FanCraze, a cricket-based non-fungible token (NFT) platform, ventured into English county by signing a collaboration with 12 of the 18 first-class cricket clubs.
The company has signed a partnership with Lancashire Cricket, Middlesex, Somerset, Glamorgan, Sussex, Derbyshire, Durham, Gloucestershire, Kent, Northamptonshire, Nottinghamshire, and Worcestershire.
With this association, the cricket clubs are now involved in making their efforts in the NFT market, where now the fans will get the chance to buy digital collectibles and player cards of their favourite players and make a trade with them.
FanCraze will also get traditional sponsorship assets, which include stadium brandings, hospitality, and ticketing rights.

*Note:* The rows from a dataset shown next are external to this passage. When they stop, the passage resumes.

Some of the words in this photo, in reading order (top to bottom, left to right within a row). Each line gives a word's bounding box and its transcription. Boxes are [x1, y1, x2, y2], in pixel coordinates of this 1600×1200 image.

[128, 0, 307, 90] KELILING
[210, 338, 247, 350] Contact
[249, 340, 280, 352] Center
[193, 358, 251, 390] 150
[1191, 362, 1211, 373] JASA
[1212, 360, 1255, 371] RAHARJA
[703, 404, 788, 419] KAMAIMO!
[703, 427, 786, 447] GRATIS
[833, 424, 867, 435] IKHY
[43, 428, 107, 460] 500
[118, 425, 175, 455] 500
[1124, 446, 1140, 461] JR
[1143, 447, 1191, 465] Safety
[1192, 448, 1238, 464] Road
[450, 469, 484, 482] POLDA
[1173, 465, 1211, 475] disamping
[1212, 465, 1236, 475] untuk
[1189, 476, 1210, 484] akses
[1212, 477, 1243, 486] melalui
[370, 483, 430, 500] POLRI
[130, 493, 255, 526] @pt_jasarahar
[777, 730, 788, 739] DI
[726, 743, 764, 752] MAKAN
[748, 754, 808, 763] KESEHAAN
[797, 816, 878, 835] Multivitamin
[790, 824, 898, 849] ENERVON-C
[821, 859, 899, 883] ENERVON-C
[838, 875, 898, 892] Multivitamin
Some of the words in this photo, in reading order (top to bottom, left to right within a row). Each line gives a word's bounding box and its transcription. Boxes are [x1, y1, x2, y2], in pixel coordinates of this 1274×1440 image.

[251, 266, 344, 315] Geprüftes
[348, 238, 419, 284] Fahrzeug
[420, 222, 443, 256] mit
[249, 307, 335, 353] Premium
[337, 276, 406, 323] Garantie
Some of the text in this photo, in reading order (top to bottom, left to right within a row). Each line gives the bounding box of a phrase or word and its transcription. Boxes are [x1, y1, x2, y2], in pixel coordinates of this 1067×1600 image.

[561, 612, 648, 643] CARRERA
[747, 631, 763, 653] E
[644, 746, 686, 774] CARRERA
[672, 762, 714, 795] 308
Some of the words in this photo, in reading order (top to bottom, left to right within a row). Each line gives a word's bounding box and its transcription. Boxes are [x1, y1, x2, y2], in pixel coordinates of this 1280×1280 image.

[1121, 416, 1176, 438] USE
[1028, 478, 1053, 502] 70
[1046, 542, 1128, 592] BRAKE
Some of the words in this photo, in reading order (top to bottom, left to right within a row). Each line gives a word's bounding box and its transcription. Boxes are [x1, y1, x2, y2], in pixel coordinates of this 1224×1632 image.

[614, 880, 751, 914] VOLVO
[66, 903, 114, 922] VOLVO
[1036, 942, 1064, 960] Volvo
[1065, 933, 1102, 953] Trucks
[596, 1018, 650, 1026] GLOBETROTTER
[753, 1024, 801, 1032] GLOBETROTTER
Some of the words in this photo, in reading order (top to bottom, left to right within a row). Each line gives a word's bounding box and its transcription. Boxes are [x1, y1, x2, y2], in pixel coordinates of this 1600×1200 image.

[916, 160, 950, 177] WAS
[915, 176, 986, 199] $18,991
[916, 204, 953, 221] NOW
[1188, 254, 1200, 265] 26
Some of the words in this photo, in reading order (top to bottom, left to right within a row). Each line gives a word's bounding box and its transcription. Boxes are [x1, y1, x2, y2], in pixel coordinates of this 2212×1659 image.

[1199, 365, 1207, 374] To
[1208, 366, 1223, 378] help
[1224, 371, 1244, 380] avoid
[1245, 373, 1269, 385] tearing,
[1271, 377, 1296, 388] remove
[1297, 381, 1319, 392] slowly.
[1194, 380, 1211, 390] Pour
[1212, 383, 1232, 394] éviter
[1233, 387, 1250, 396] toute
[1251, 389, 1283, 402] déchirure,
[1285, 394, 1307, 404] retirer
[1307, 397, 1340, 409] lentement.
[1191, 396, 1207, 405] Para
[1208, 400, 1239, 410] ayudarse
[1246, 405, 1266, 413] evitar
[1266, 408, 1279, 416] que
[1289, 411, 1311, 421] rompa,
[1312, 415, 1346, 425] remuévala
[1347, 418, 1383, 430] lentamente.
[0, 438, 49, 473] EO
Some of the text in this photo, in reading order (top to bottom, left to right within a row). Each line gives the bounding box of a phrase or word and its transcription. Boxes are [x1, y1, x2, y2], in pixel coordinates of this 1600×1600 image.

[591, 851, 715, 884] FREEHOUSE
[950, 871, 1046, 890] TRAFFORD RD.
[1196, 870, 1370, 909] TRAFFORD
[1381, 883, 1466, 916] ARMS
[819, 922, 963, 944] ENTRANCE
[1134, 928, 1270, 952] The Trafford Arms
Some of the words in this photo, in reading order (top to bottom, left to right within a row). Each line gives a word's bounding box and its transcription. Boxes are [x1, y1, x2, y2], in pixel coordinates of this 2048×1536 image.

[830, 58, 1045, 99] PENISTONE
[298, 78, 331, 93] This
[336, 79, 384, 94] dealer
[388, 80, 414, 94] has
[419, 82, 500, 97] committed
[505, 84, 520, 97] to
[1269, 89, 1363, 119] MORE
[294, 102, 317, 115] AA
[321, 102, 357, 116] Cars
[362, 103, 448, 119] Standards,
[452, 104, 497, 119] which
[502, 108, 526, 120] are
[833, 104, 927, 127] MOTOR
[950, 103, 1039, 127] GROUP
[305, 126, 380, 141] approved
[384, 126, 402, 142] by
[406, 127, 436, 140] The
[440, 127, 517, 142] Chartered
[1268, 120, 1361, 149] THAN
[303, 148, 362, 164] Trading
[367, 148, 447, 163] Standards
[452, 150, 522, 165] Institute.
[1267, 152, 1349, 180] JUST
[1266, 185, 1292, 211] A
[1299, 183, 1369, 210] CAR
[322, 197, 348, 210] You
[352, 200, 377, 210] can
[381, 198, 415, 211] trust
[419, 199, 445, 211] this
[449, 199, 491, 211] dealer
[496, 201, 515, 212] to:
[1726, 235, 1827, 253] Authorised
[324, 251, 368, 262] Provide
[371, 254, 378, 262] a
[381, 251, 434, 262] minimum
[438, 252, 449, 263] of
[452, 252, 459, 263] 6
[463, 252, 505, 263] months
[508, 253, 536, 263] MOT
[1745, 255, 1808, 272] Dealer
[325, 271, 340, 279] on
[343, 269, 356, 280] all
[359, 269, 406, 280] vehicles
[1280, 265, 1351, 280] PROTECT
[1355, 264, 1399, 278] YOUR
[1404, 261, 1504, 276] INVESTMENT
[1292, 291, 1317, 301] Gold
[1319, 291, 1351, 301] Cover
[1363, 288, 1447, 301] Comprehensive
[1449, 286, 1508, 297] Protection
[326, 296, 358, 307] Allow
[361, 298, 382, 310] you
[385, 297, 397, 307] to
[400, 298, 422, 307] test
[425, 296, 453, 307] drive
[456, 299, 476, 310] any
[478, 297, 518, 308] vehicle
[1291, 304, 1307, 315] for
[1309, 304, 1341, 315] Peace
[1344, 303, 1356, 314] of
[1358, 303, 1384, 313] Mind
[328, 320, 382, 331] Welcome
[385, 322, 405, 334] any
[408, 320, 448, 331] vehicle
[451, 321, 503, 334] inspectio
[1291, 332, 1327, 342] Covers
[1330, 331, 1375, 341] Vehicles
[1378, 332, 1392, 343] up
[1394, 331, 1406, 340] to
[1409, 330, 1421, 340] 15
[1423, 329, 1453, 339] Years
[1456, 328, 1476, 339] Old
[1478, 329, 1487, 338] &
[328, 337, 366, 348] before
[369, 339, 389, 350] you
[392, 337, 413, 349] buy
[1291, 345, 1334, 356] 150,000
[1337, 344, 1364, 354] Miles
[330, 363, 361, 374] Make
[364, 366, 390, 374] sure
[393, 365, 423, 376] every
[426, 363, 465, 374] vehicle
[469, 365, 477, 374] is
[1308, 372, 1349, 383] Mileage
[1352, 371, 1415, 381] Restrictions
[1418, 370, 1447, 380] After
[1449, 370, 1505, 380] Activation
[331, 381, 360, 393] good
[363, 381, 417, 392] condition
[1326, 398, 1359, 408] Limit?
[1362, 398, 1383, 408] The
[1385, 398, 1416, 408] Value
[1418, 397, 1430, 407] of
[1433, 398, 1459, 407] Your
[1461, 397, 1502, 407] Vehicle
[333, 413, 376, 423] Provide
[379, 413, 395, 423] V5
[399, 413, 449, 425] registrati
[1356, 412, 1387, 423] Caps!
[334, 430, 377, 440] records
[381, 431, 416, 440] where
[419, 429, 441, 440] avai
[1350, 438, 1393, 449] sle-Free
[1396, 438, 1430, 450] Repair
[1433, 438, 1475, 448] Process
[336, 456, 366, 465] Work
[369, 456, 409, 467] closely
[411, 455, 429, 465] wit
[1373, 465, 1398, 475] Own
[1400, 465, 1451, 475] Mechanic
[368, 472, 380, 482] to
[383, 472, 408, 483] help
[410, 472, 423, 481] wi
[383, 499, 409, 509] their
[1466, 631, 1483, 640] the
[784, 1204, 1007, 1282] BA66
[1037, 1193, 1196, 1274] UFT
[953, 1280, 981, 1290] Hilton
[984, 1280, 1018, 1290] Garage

Earlier, Yorkshire was the only county cricket club in England to enter the NFT market, as they locked a deal with Virtua.
FanCraze is a leading cricket NFT entity where fans can collect, use, play, and interact with the sport through NFTs. The company has already struck partnerships with the International Cricket Council (ICC), Chennai Super Kings (CSK), Delhi Capitals (DC), Lucknow Super Giants (LSG), Rajasthan Royals (RR), Cricket West Indies (CWI), and the South African T20 league, SA20, along with cricketers such as Shikhar Dhawan, Rohit Sharma, Ravichandran Ashwin, Jasprit Bumrah and many more.
Anshum Bhambri, CEO of FanCraze said, “English cricket has always intrigued me personally because going through the history of cricket, English counties have been able to establish a real culture that is deeply entrenched in the history of the sport, but the English domestic clubs haven’t always been able to keep pace with the times commercially and take their brands outside of England”.
He further said, “Therefore, we see the opportunity to provide a new form of digital strategy which can engage cricket fans from all over the world who can actually interact with English county cricket in new ways, whether it’s through owning and trading these digital assets, or gamification or having real-world experiential access to English domestic cricket, that would help us grow English county cricket outside of the UK market.”